Gemini G.E.L. is pleased to present LA Magic Hour, a series of fifteen new prints by acclaimed artist Tacita Dean. On view beginning February 4, 2022, the exhibition marks Dean’s third collaboration with the Gemini G.E.L. workshop. The works will also be presented in the gallery’s Online Viewing Room as part of Art Basel’s ‘OVR: 2021,’ February 9-12, 2022.
LA Magic Hour complements Dean’s previous lithographic project, LA Exuberance (2016) (also on view), which depicted white clouds contrasted with the bright cerulean blues of a typical Los Angeles sky. This time, the artist has focused on the iconic sunsets of Los Angeles. Dean began by working from the spray chalk drawings she created for LA Exuberance and narrowing the selection down to fifteen. The images were then inverted and rotated to find the desired compositions. Through a complex technique of layering transparent and semi-opaque colors, master printer Jill Lerner color matched Dean’s many photographs of colorful west coast sunsets. The fifteen lithographs appear effortlessly luminous, capturing the atmospheric space through a balance of blended and contrasting swaths of vivid colors.
When viewed as a whole, the series captures the variety of tones and colors shifting as the sun sets—taking us through the pale oranges and yellow tinged blues that begin a sunset, all the way to the electric magenta of its last breath.
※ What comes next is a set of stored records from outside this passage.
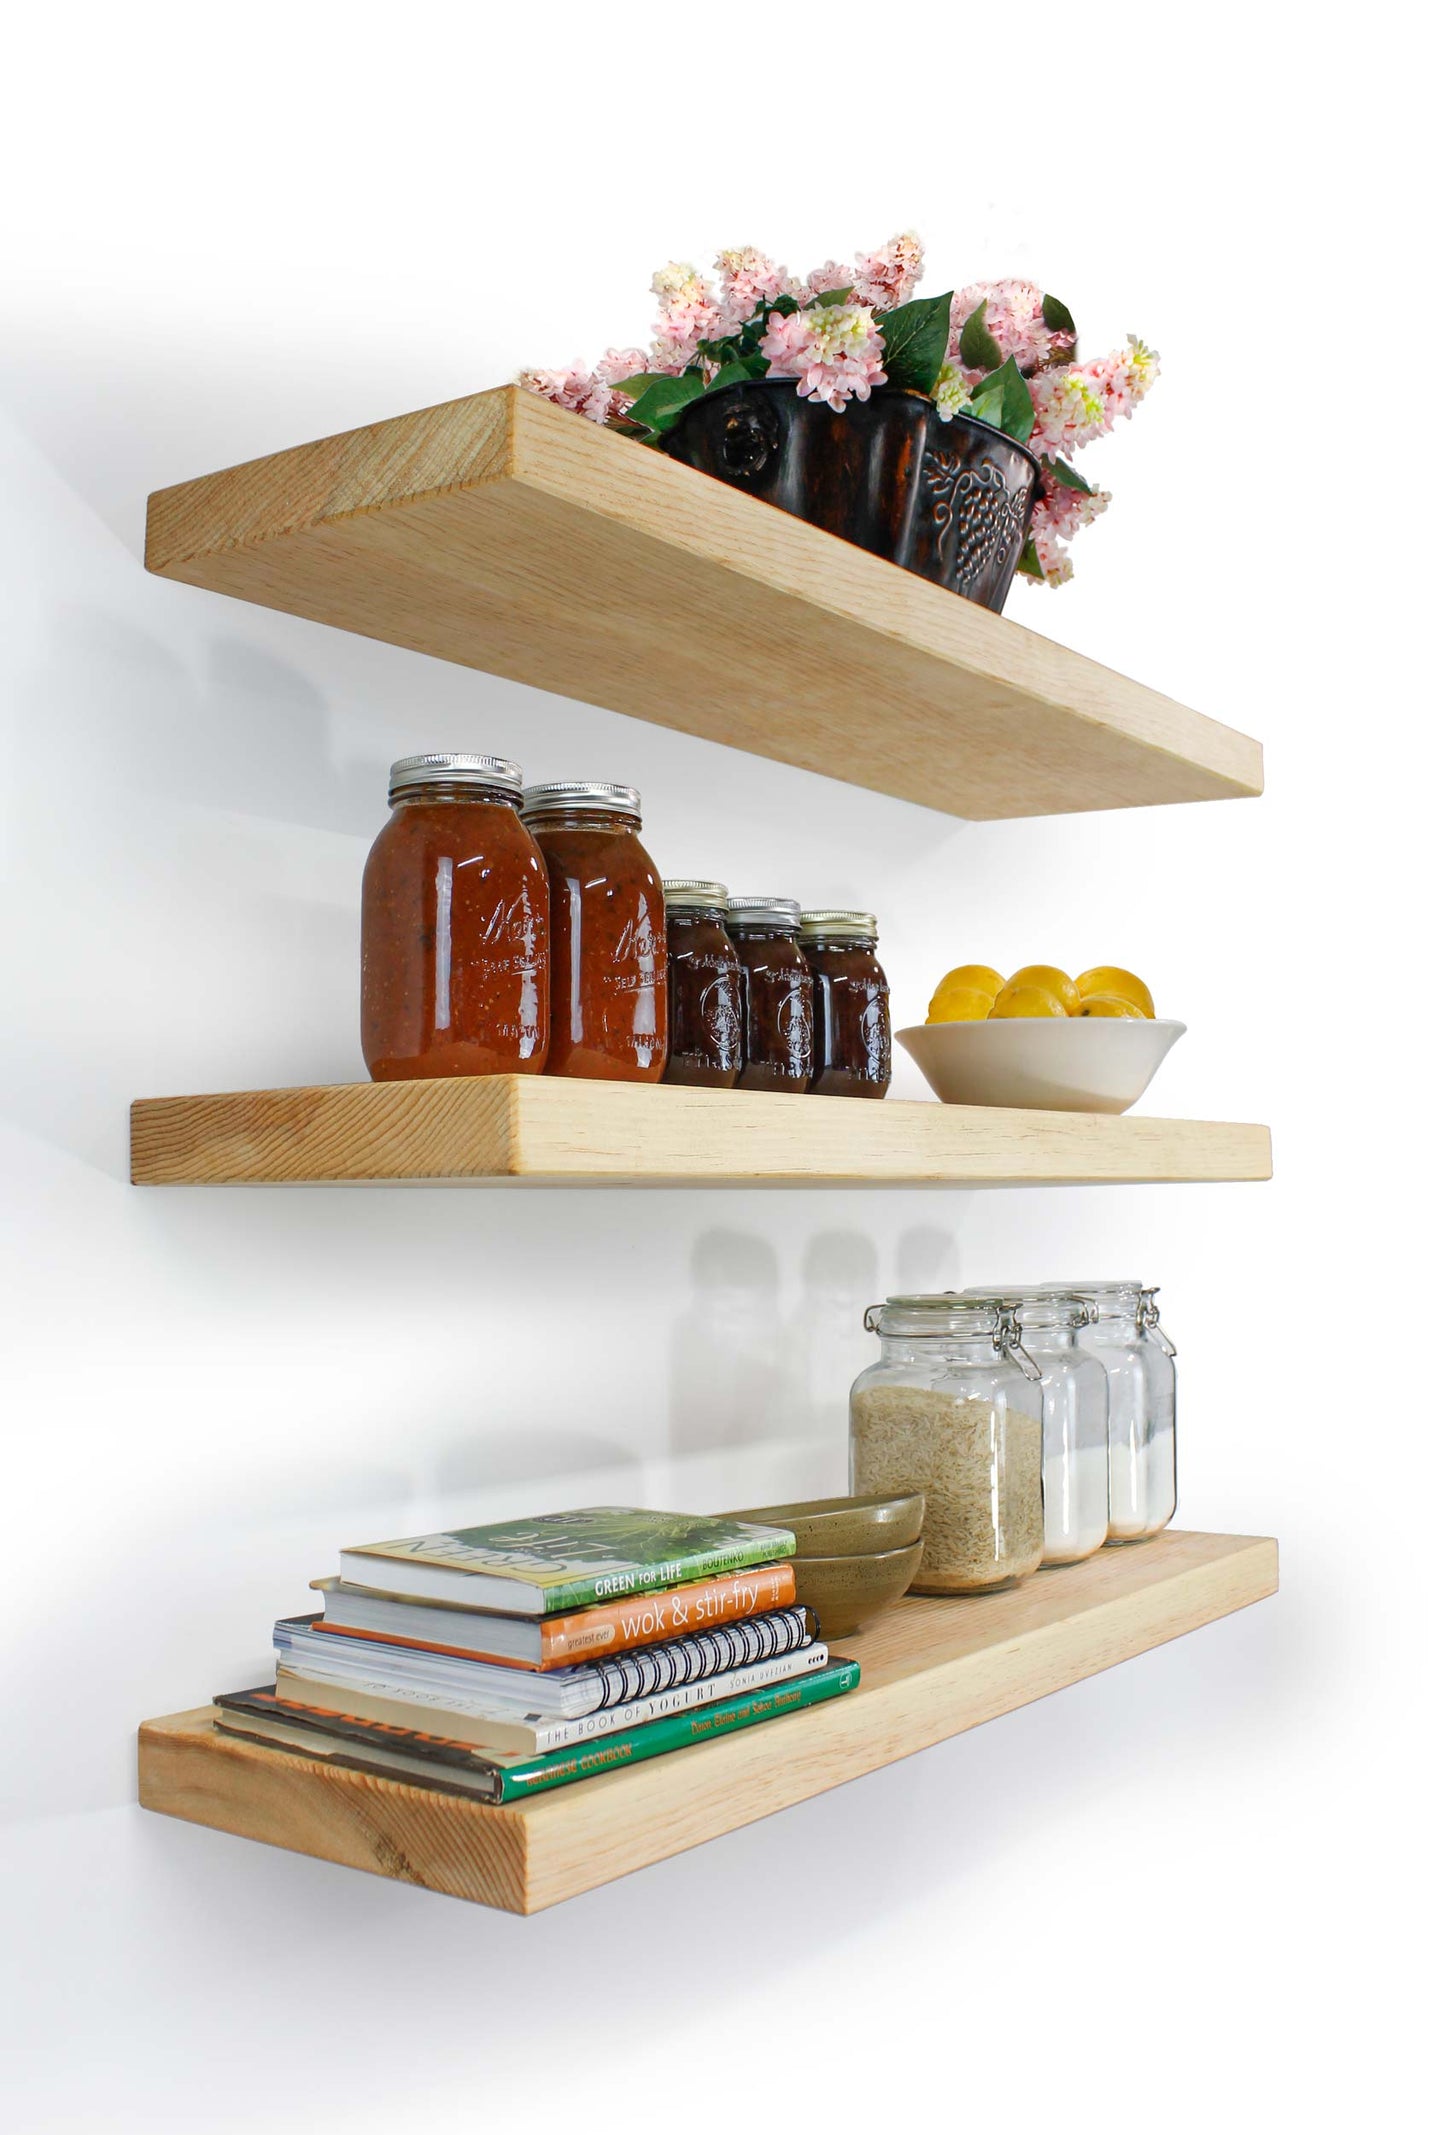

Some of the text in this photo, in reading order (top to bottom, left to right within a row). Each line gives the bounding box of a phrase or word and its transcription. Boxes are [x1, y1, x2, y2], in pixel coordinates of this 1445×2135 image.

[595, 1551, 744, 1597] GREEN FOR LIFE BOUTENKO
[621, 1601, 665, 1641] wok
[672, 1596, 689, 1626] &
[696, 1580, 759, 1620] stir-fry
[567, 1629, 610, 1650] greatest ever
[547, 1663, 793, 1745] THE BOOK OF YOGURT SONIA UVEZIAN
[581, 1743, 633, 1770] COOKBOOK
This is not the first time that Dean has taken up the subject of a sunset. For her film The Green Ray (2001), Dean traveled to a beach in Madagascar to capture an optical phenomenon wherein a briefly visible green spot can be seen for a few seconds atop the setting sun. To sit and watch a sunset is a universally familiar experience that encapsulates the passage of time, whether captured on celluloid film or as still images vis-à-vis lithography.
Separated from any specific horizon line, Dean’s cloudscapes depict the eternal mutability of the sky and the earth’s motion. Dean has been fascinated by natural phenomena throughout her career; images of trees, oceans, clouds, and landscapes are pervasive in her work. Her instinctive ability to focus on an everyday natural phenomenon, such as a sunset, recalls the wonder and complexity of a cloud in its ephemeral state. Each lithograph in LA Magic Hour represents a singular, unique moment in time and in the imagination of the artist, a beautiful synthesis of her fascination and studies in the colors and formations of clouds.
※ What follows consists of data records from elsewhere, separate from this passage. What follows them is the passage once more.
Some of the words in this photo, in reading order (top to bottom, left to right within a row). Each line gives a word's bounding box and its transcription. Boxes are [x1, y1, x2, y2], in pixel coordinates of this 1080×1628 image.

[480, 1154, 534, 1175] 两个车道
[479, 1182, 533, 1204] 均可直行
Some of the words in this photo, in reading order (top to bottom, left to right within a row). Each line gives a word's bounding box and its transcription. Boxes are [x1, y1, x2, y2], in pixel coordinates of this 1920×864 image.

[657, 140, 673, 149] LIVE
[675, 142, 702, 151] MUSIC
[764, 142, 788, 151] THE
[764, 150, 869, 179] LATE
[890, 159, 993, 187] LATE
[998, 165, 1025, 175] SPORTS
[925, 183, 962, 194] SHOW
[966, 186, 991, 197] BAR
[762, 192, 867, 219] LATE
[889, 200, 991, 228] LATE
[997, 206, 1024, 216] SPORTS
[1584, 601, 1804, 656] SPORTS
Tacita Dean was born in Canterbury, England in 1965. She studied in painting departments both at Falmouth School of Art in Cornwall and for postgraduate at the Slade School of Fine Art in London. Despite being best known for her 16mm films, Dean has always made drawings, which are very central to her practice. She also uses a variety of other mediums, including photography, sound, found objects and printmaking as well as writing often about her own and other artists’ work. Highly regarded, Dean has been the recipient of several prizes including the Hugo Boss Prize (2006) and the Kurt Schwitters Prize (2009). She participated in the Venice Biennale (2003, 2005, and 2013) and dOCUMENTA 13 (2012). Recent solo exhibitions include Fudación Botín, Santander (2013); Instituto Moreira Salles, Rio de Janeiro (2013); New Museum of Contemporary Art, New York (2012); MUMOK, Vienna (2011); and Tate Modern Turbine Hall (2011).